Suppose that pattern $P$ and text $T$ are randomly chosen strings of length $m$ and $n$, respectively, from the $d$-ary alphabet $\sum_d > \{0,1,...,d-1\}$, where $d \ge 2$. Show that the expected number of character-to-character comparisons made by the implicit loop in the naive string-matching algorithm is

$(n-m+1) \frac{1-d^{-m}}{1-d^{-1}} \le 2(n-m+1)$

over all executions of this loop. (Assume that the naive algorithm stops comparing character for a given shift once it finds a mismatch of matches the entire pattern.)

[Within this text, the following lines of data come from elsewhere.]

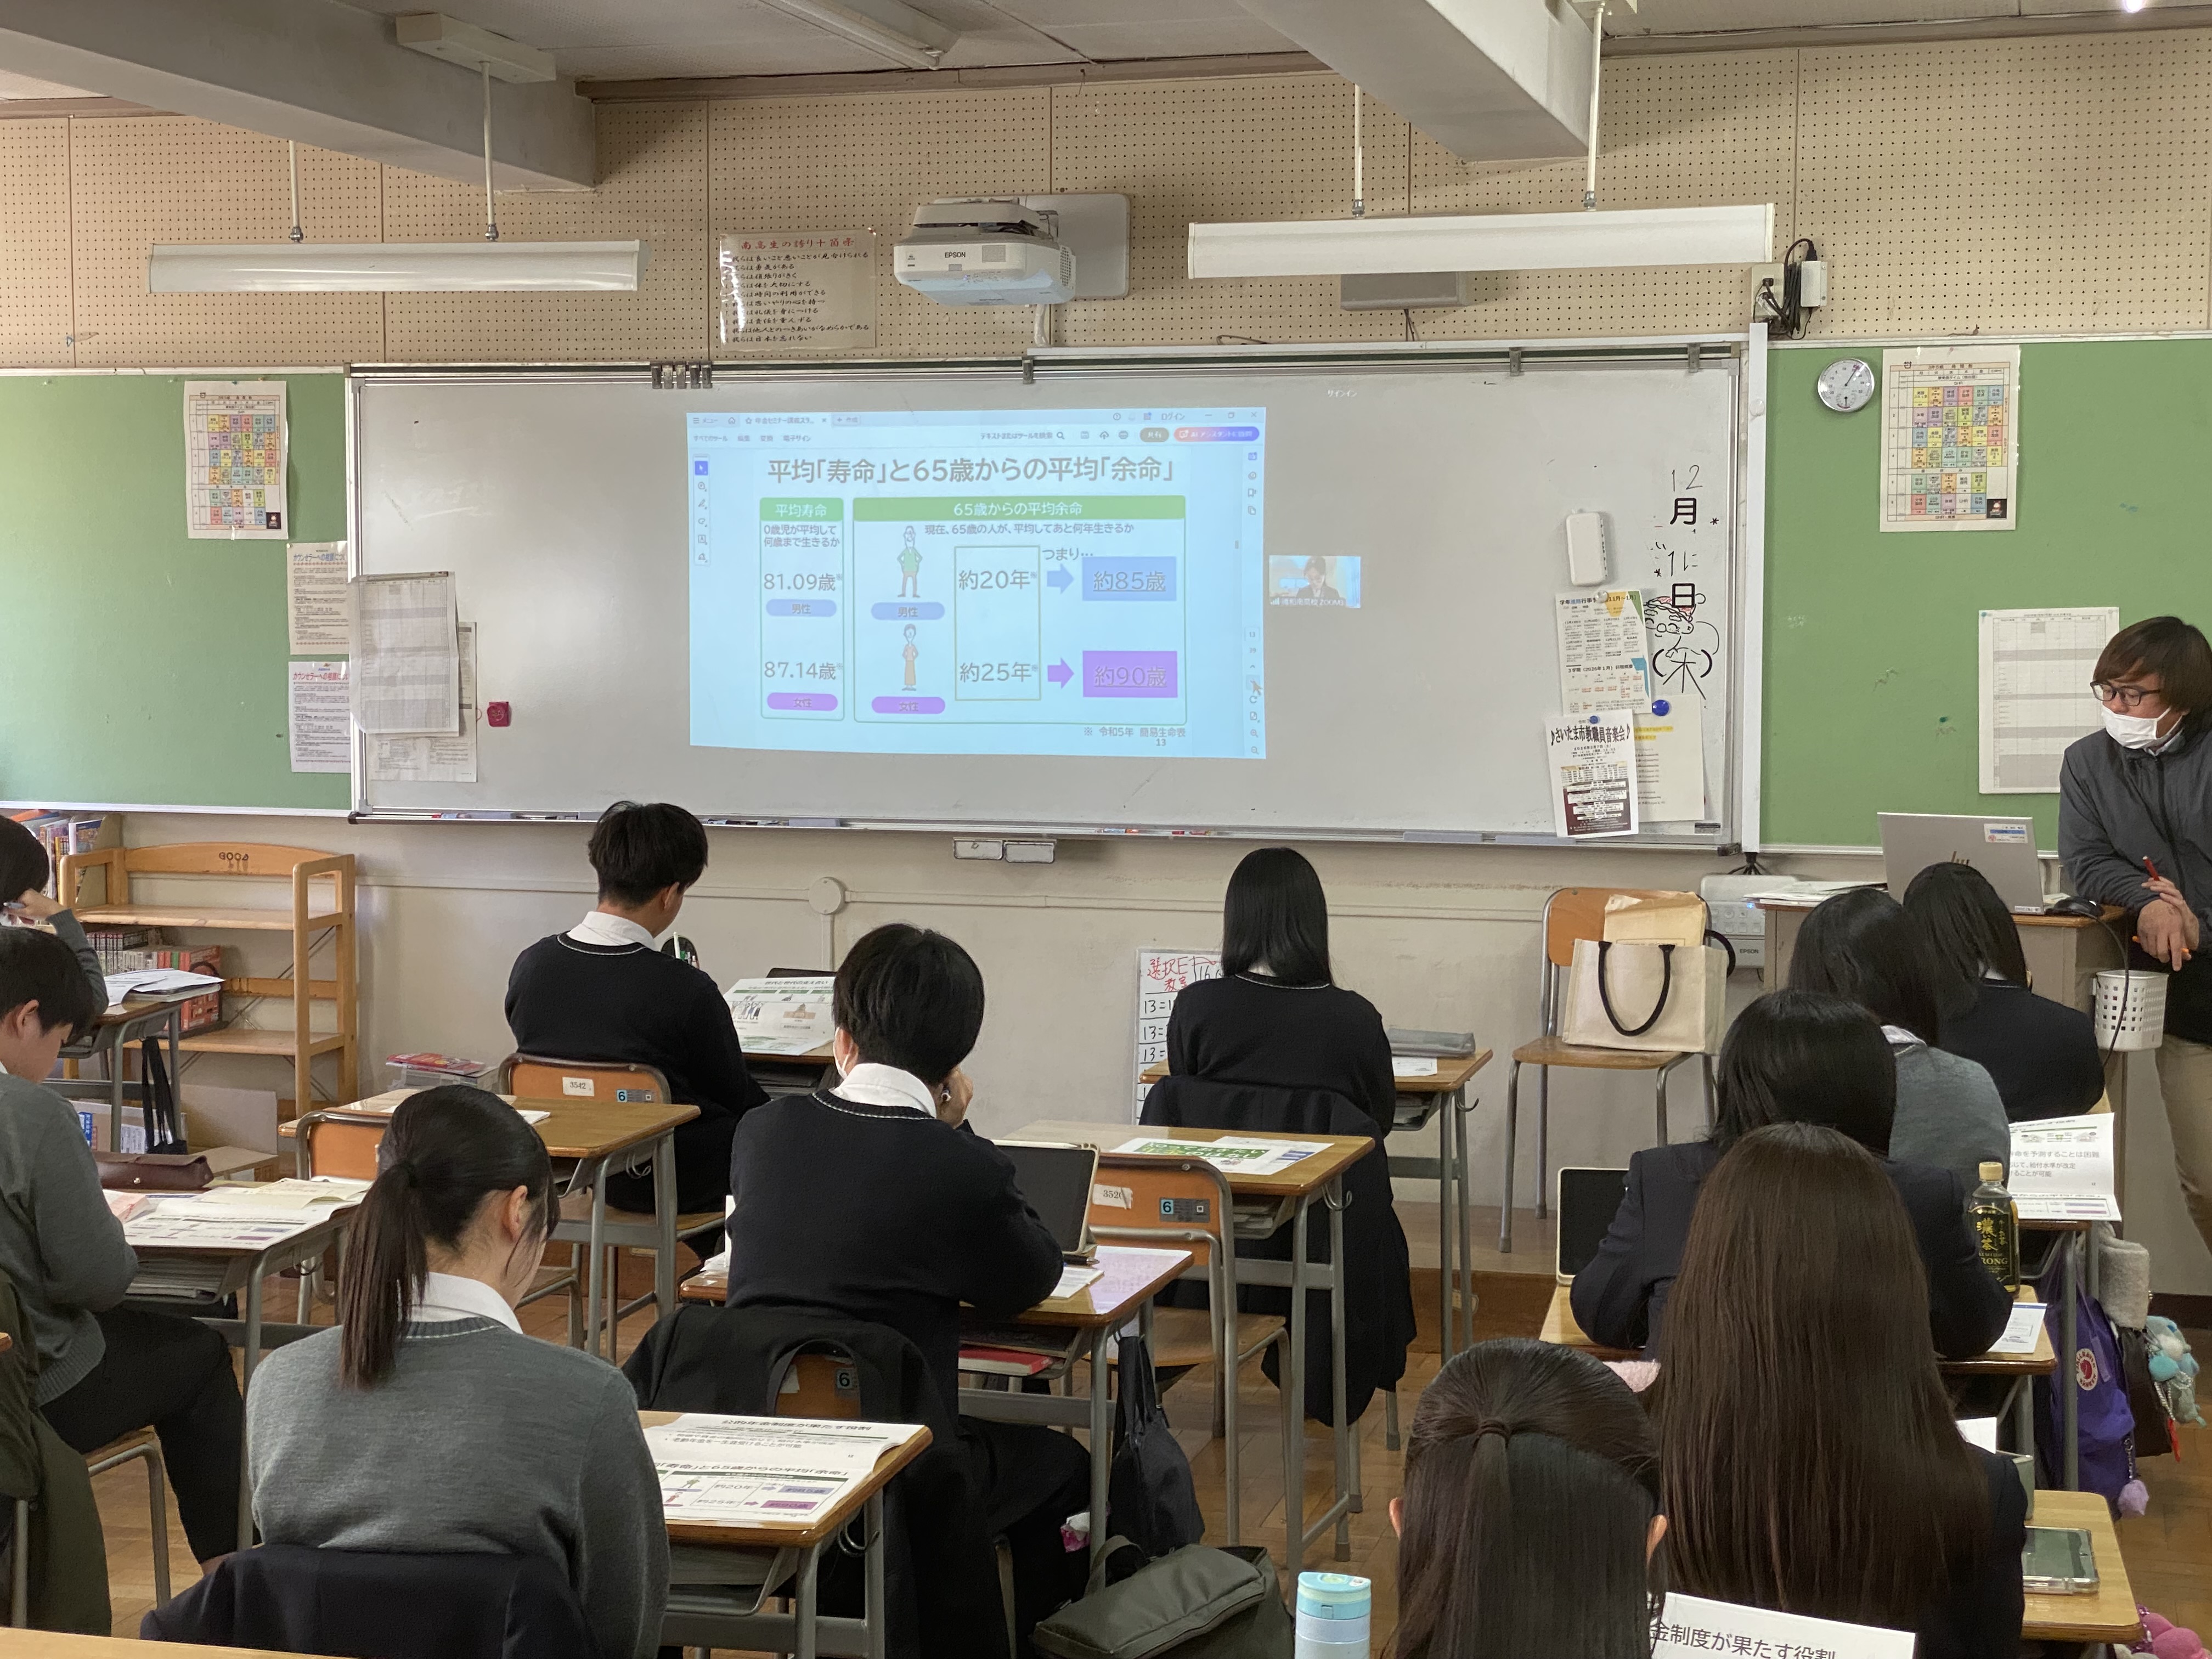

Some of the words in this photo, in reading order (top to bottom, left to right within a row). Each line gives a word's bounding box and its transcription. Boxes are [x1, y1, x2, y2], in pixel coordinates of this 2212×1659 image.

[1327, 389, 1357, 398] サインイン
[1161, 412, 1185, 421] ログイン
[768, 456, 1173, 484] 平均「寿命」と65歳からの平均「余命」
[1672, 464, 1703, 492] 12
[775, 504, 827, 517] 平均寿命
[953, 502, 1083, 516] 65歳からの平均余命
[1670, 498, 1697, 526] 月
[763, 524, 837, 535] 0歳児が平均して
[924, 523, 1135, 535] 現在、65歳の人が、平均してあと何年生きるか
[763, 537, 840, 548] 何歳まで生きるか
[1093, 571, 1166, 592] 約85歳
[1672, 583, 1695, 608] 日
[792, 603, 811, 615] 男性
[898, 606, 918, 618] 男性
[1094, 666, 1167, 687] 約90歳
[793, 698, 812, 708] 女性
[899, 701, 919, 712] 女性
[1099, 727, 1134, 737] 令和5年
[1140, 727, 1186, 738] 簡易生命表
[1156, 738, 1166, 747] 13
[569, 1081, 586, 1090] 3542
[618, 1091, 626, 1102] 6
[1163, 1201, 1172, 1213] 6
[839, 1372, 850, 1387] 6

So far this is what I've got:

For the naive searching algorithm, the matching will look like this:

$T_1-T_2-T_3-...-T_m-T_{m+1}-...-T_{n-1}-T_n$

$P_1-P_2-P_3-...-P_m$

next move:

$T_1-T_2-T_3-...-T_m-T_{m+1}-...-T_{n-1}-T_n$

$\hspace{1cm}P_1-P_2-...-P_m$

Thus, there will be a total of $(n-m+1)$ moves (trivial).

This is where I become less sure of my reasoning:

The average number of matches will be the sum of the probabilities of matching $j$ characters times $j$ for $j$ from $1$ to $m$, i.e. $j * P_{j\_characters\_match}$ where $P_{j\_characters\_match}$ is the probability that the first j characters match between the test string and the text.

So $P_{1\_character\_matches}$ (the probability of not matching the first character) = $1-\frac{1}{d}$

$P_{2\_character\_matches}$ (the probability of matching the first character and not the second character is) = $\frac{1}{d} \left(1-\frac{1}{d}\right)$

$P_{3\_character\_matches}$ (the probability of matching the first character and the second character, but not the third character is) = $\frac{1}{d^2} \left(1-\frac{1}{d}\right)$

etc. etc. etc.

So, by my reasoning, the average number of matches will be:

$(n-m+1)\left(1-\frac{1}{d}\right)\sum\limits_{i=1}^m \frac{i}{d^{i-1}}$

however, I'm lost at how to reduce the summation on the right in order to get the correct value given in the problem. I tried looking around, and even putting the summation into wolfram alpha, but nothing seems to give me what I need.

As always, any help would be great!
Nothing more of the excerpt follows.